Riecco Dracula, ma stavolta è innamorato

Da mercoledì 29 ottobre esce nelle sale il mito vampiresco riletto da Luc Besson in chiave sentimentale. Una versione travolgente dell’horror intramontabile: 140 le sue rappresentazioni

Elena Grassi
Caleb Landry Jones interpreta Dracula
Caleb Landry Jones interpreta Dracula

«Dracula è una storia d’amore: non c’è niente di più romantico di un uomo in grado di aspettare 400 anni per rivedere l’unica donna che desidera e che gli è stata tolta da Dio. Quando uscì il romanzo di Bram Stoker a fine Ottocento, la gente era affascinata dalla dimensione fantastica e dalla sete di sangue. La tragicità di Dracula e il lato inquietante del personaggio ci sono ancora, ma il film si concentra soprattutto sulla sua relazione con Mina, per la quale è disposto a fare di tutto».

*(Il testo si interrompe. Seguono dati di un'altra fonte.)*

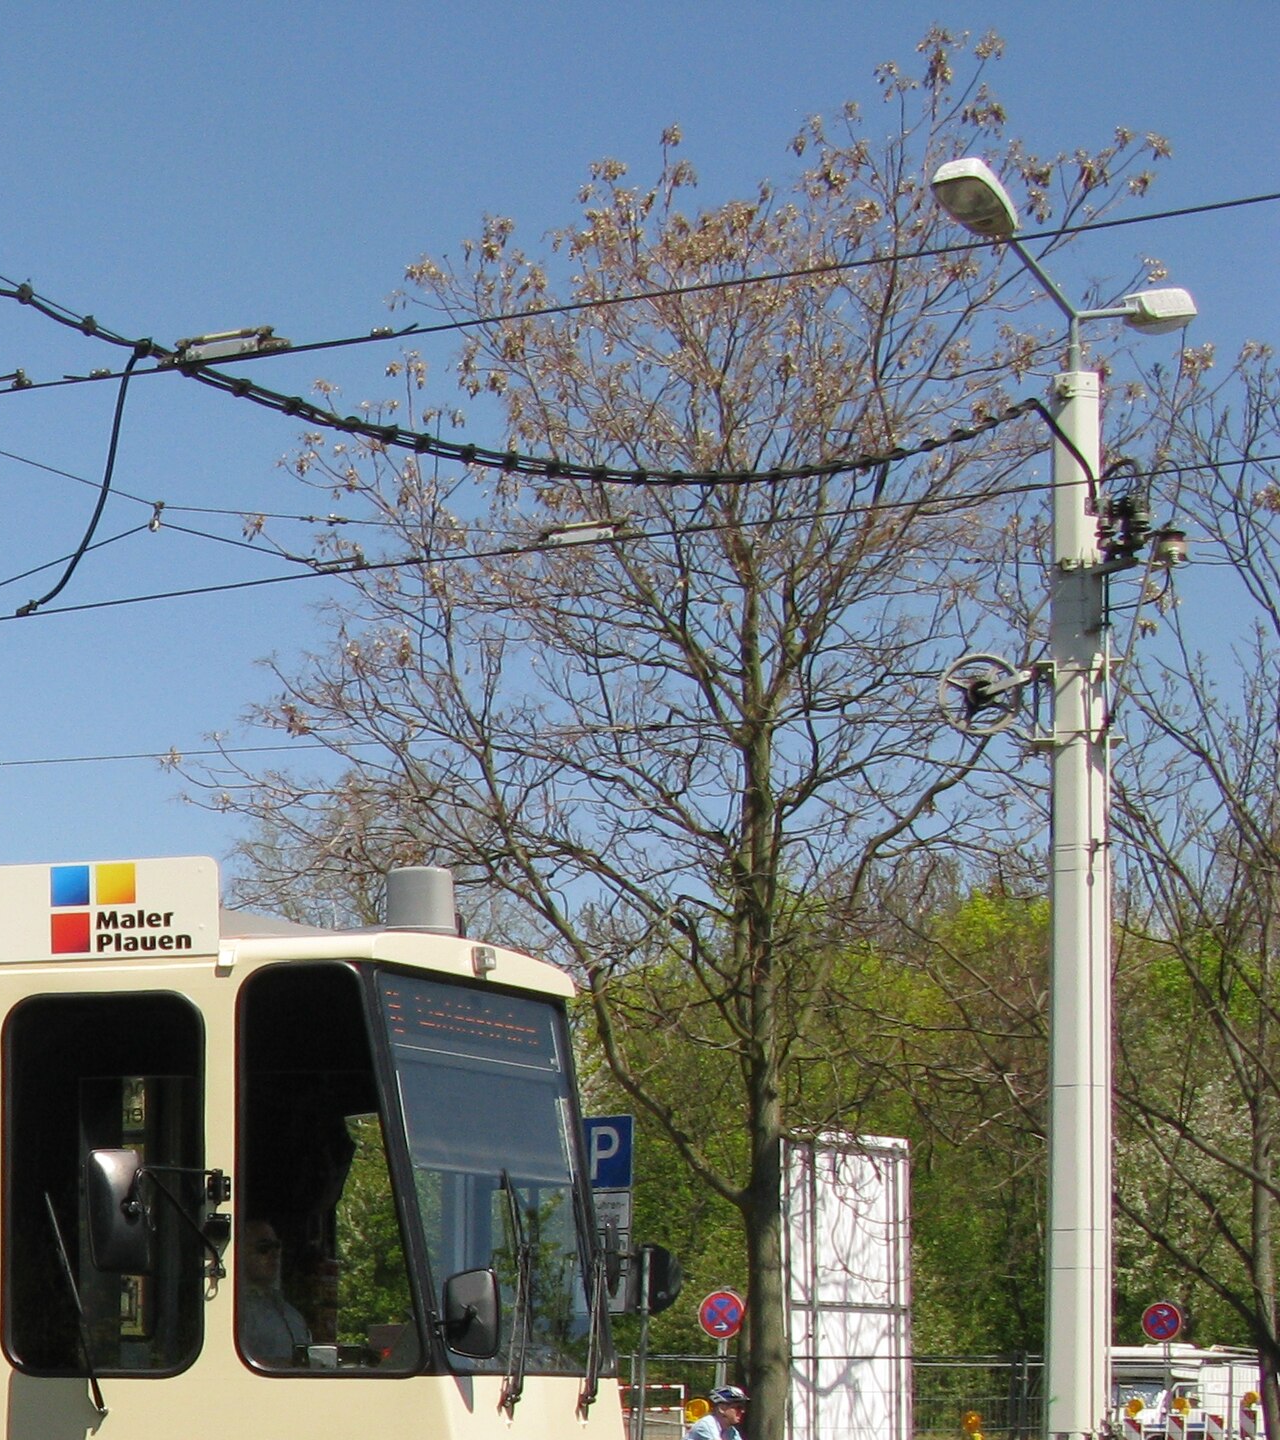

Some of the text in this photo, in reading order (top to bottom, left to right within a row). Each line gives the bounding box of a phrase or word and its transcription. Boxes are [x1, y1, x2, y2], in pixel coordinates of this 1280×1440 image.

[96, 909, 175, 930] Maler
[96, 928, 193, 952] Plauen
[591, 1126, 620, 1180] P
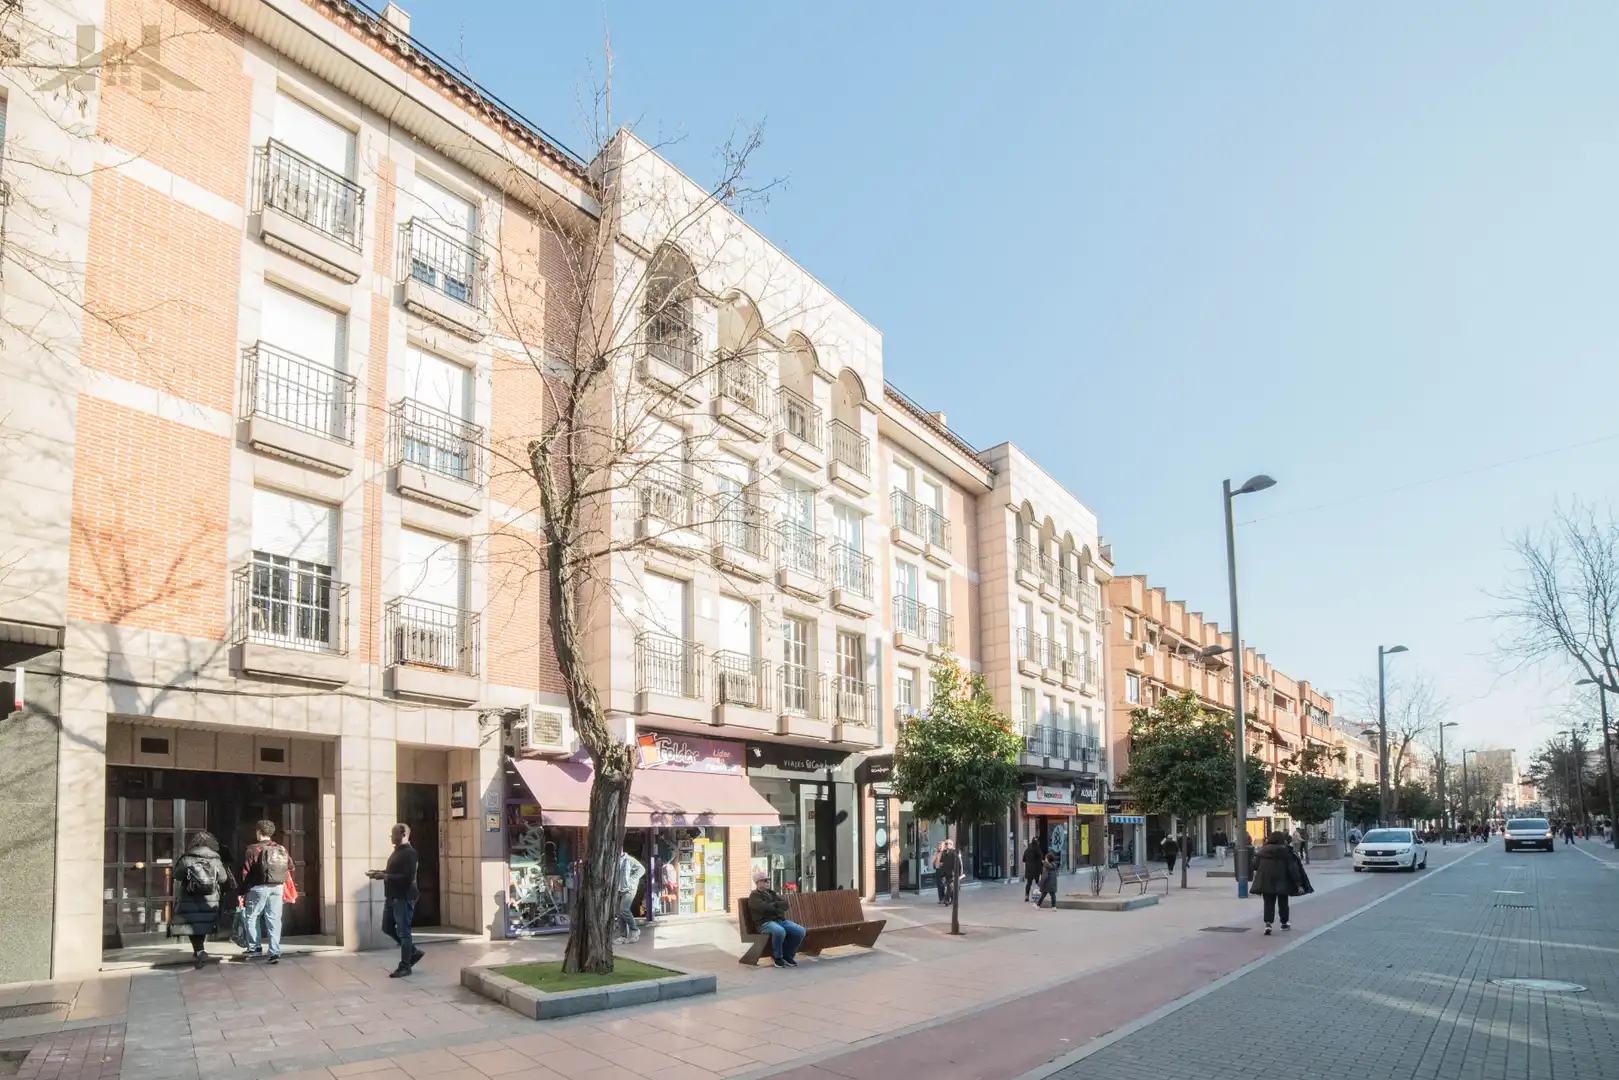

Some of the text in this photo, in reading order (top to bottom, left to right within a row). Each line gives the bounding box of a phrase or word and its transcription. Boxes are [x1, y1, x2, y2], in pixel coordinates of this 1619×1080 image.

[657, 737, 700, 764] Folder
[713, 749, 731, 758] Líder
[783, 760, 804, 768] VIAJES
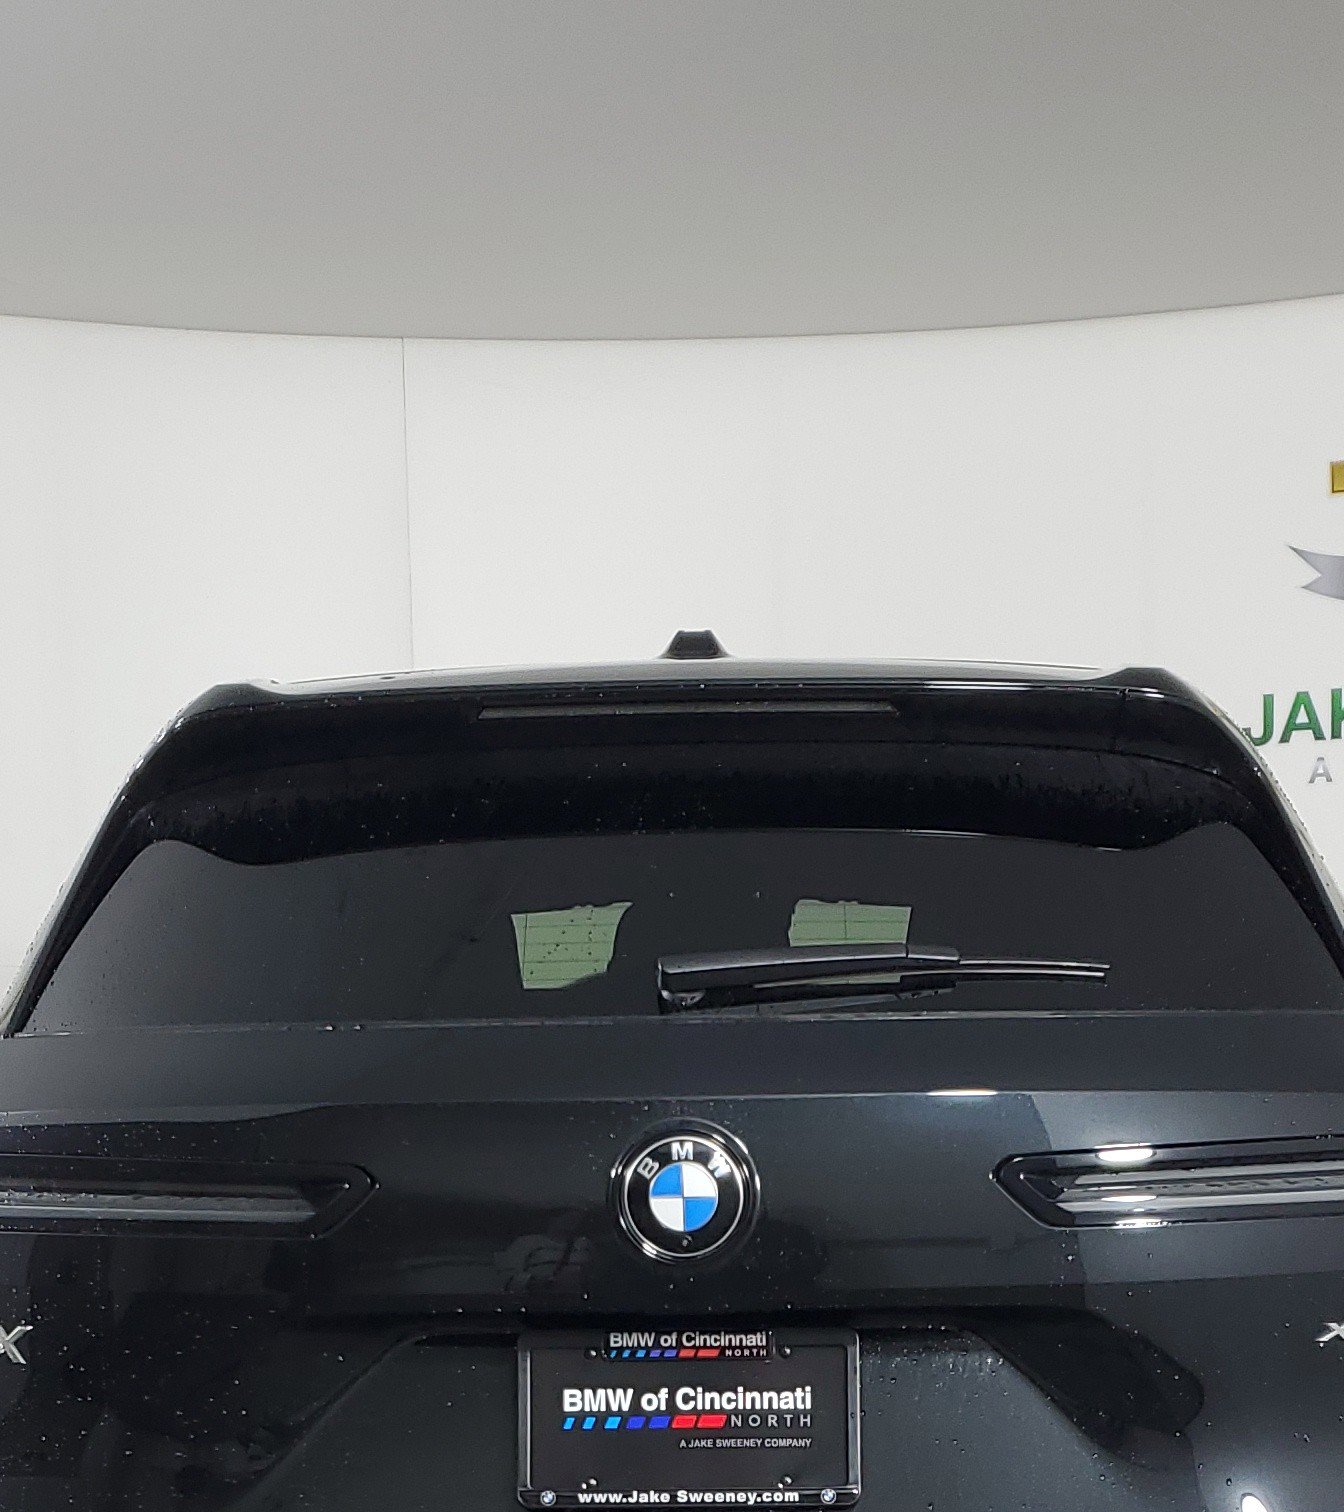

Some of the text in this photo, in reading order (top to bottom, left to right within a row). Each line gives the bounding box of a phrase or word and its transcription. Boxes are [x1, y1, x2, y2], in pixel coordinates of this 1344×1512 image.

[637, 1141, 732, 1180] BMW
[609, 1331, 767, 1348] BMW of Cincinnati
[725, 1349, 767, 1357] NORTH
[563, 1386, 812, 1412] BMW of Cincinnati
[731, 1414, 812, 1428] NORTH
[679, 1438, 812, 1448] A JAKE SWEENEY COMPANY
[577, 1490, 800, 1505] www.Jake Sweeney.com

Parola di Luc Besson, che alla Festa del cinema di Roma ha presentato in anteprima la sua versione dell’eterno mito vampiresco, “Dracula: a Love Tale”, in uscita oggi nelle sale italiane con il titolo “Dracula: l’amore perduto”.

Dopo il “Nosferatu” di Robert Eggers, visto a gennaio, e il pastiche autoriale di Radu Jude in concorso al festival di Locarno, quello di Luc Besson è il terzo Dracula cinematografico del 2025, a testimonianza di quanto il conte Vlad continui ad affascinare i cineasti di ogni tempo, raggiungendo le centoquaranta rappresentazioni tra film e serie in tutto il mondo. Se Eggers ha operato un omaggio sentito e filologicamente fedele al “Nosferatu” di Murnau (capolavoro del muto del 1922), e Jude in “Dracula” (tutto girato con l’iPhone) ne ha beffato la leggenda rumena imbevendola di un alto tasso di pornografia (seppur non convenzionale), Besson ci presenta un’interpretazione sentimentale e pop, travolgente sia sul piano emotivo che visivo, anche grazie ad un cast che ingrana la marcia all’unisono, da Caleb Landry Jones, nei panni di Dracula, al due volte premio Oscar Christoph Waltz, il prete cacciatore di vampiri, con il controcanto femminile di Zoe Bleu (figlia di Patricia Arquette, agli esordi), che interpreta Mina, e Matilda De Angelis, l’amica Maria dagli aguzzi canini.

Un dandy pacifista

Transilvania, XV secolo. Il principe Vladimir, dopo la perdita improvvisa della moglie, rinnega Dio, ereditando così una maledizione eterna: diventare un vampiro. Condannato a vagare nei secoli, sfida il destino e la morte stessa, guidato da un’unica speranza: ritrovare l’amore perduto.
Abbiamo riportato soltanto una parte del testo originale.